START DATA FOR REVIEW
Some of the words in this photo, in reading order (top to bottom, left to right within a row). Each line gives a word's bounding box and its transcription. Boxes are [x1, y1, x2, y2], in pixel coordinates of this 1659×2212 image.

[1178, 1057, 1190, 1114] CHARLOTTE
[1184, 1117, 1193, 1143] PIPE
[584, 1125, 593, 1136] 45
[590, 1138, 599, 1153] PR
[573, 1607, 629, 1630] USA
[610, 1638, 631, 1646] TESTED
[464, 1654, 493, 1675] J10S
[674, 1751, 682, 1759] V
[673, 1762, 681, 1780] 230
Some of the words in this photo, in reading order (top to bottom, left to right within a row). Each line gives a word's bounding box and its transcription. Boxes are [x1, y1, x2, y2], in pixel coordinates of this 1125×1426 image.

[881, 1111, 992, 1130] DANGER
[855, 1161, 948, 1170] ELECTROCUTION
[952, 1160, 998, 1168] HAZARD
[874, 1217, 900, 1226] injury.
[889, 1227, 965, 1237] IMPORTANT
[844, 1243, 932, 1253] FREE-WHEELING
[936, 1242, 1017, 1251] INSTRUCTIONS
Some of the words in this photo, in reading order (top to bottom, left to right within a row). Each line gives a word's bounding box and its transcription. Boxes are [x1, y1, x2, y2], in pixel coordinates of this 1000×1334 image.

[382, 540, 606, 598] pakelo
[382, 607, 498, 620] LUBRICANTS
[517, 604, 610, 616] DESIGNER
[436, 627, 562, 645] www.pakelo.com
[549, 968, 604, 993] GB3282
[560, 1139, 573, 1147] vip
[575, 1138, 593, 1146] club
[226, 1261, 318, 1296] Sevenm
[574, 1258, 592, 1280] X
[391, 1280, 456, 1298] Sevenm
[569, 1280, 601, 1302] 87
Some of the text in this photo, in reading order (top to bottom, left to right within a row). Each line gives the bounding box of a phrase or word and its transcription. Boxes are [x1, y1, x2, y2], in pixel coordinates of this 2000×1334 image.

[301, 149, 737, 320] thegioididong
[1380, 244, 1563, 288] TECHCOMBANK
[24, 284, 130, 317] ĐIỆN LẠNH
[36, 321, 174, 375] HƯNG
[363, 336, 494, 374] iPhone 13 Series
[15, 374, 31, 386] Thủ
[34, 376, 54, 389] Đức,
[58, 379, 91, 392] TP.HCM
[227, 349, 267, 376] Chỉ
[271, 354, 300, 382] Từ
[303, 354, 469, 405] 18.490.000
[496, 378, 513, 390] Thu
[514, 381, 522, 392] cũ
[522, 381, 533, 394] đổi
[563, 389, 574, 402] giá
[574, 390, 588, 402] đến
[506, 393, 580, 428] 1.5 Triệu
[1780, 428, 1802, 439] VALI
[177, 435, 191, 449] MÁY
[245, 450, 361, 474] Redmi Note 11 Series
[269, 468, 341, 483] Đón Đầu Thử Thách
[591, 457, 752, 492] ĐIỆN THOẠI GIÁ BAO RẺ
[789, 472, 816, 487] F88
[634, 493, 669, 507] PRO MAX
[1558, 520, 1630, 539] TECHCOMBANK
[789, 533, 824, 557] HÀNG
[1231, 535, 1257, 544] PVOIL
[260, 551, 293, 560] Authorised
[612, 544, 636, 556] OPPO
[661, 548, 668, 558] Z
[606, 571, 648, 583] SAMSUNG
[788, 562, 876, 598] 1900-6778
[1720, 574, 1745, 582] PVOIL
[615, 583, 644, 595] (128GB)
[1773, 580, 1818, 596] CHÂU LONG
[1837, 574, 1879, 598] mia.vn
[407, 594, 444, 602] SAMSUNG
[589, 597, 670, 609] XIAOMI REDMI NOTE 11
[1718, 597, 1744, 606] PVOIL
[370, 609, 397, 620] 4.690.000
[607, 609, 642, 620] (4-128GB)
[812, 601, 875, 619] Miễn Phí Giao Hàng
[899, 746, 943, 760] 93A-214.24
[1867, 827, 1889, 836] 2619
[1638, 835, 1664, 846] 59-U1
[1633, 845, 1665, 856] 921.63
END DATA FOR REVIEW
Reproduce the whole listing so that each line matches the original exactly.

Some of the words in this photo, in reading order (top to bottom, left to right within a row). Each line gives a word's bounding box and its transcription. Boxes are [x1, y1, x2, y2], in pixel coordinates of this 1659×2212 image.

[1178, 1057, 1190, 1114] CHARLOTTE
[1184, 1117, 1193, 1143] PIPE
[584, 1125, 593, 1136] 45
[590, 1138, 599, 1153] PR
[573, 1607, 629, 1630] USA
[610, 1638, 631, 1646] TESTED
[464, 1654, 493, 1675] J10S
[674, 1751, 682, 1759] V
[673, 1762, 681, 1780] 230
Some of the words in this photo, in reading order (top to bottom, left to right within a row). Each line gives a word's bounding box and its transcription. Boxes are [x1, y1, x2, y2], in pixel coordinates of this 1125×1426 image.

[881, 1111, 992, 1130] DANGER
[855, 1161, 948, 1170] ELECTROCUTION
[952, 1160, 998, 1168] HAZARD
[874, 1217, 900, 1226] injury.
[889, 1227, 965, 1237] IMPORTANT
[844, 1243, 932, 1253] FREE-WHEELING
[936, 1242, 1017, 1251] INSTRUCTIONS
Some of the words in this photo, in reading order (top to bottom, left to right within a row). Each line gives a word's bounding box and its transcription. Boxes are [x1, y1, x2, y2], in pixel coordinates of this 1000×1334 image.

[382, 540, 606, 598] pakelo
[382, 607, 498, 620] LUBRICANTS
[517, 604, 610, 616] DESIGNER
[436, 627, 562, 645] www.pakelo.com
[549, 968, 604, 993] GB3282
[560, 1139, 573, 1147] vip
[575, 1138, 593, 1146] club
[226, 1261, 318, 1296] Sevenm
[574, 1258, 592, 1280] X
[391, 1280, 456, 1298] Sevenm
[569, 1280, 601, 1302] 87
Some of the text in this photo, in reading order (top to bottom, left to right within a row). Each line gives the bounding box of a phrase or word and its transcription. Boxes are [x1, y1, x2, y2], in pixel coordinates of this 2000×1334 image.

[301, 149, 737, 320] thegioididong
[1380, 244, 1563, 288] TECHCOMBANK
[24, 284, 130, 317] ĐIỆN LẠNH
[36, 321, 174, 375] HƯNG
[363, 336, 494, 374] iPhone 13 Series
[15, 374, 31, 386] Thủ
[34, 376, 54, 389] Đức,
[58, 379, 91, 392] TP.HCM
[227, 349, 267, 376] Chỉ
[271, 354, 300, 382] Từ
[303, 354, 469, 405] 18.490.000
[496, 378, 513, 390] Thu
[514, 381, 522, 392] cũ
[522, 381, 533, 394] đổi
[563, 389, 574, 402] giá
[574, 390, 588, 402] đến
[506, 393, 580, 428] 1.5 Triệu
[1780, 428, 1802, 439] VALI
[177, 435, 191, 449] MÁY
[245, 450, 361, 474] Redmi Note 11 Series
[269, 468, 341, 483] Đón Đầu Thử Thách
[591, 457, 752, 492] ĐIỆN THOẠI GIÁ BAO RẺ
[789, 472, 816, 487] F88
[634, 493, 669, 507] PRO MAX
[1558, 520, 1630, 539] TECHCOMBANK
[789, 533, 824, 557] HÀNG
[1231, 535, 1257, 544] PVOIL
[260, 551, 293, 560] Authorised
[612, 544, 636, 556] OPPO
[661, 548, 668, 558] Z
[606, 571, 648, 583] SAMSUNG
[788, 562, 876, 598] 1900-6778
[1720, 574, 1745, 582] PVOIL
[615, 583, 644, 595] (128GB)
[1773, 580, 1818, 596] CHÂU LONG
[1837, 574, 1879, 598] mia.vn
[407, 594, 444, 602] SAMSUNG
[589, 597, 670, 609] XIAOMI REDMI NOTE 11
[1718, 597, 1744, 606] PVOIL
[370, 609, 397, 620] 4.690.000
[607, 609, 642, 620] (4-128GB)
[812, 601, 875, 619] Miễn Phí Giao Hàng
[899, 746, 943, 760] 93A-214.24
[1867, 827, 1889, 836] 2619
[1638, 835, 1664, 846] 59-U1
[1633, 845, 1665, 856] 921.63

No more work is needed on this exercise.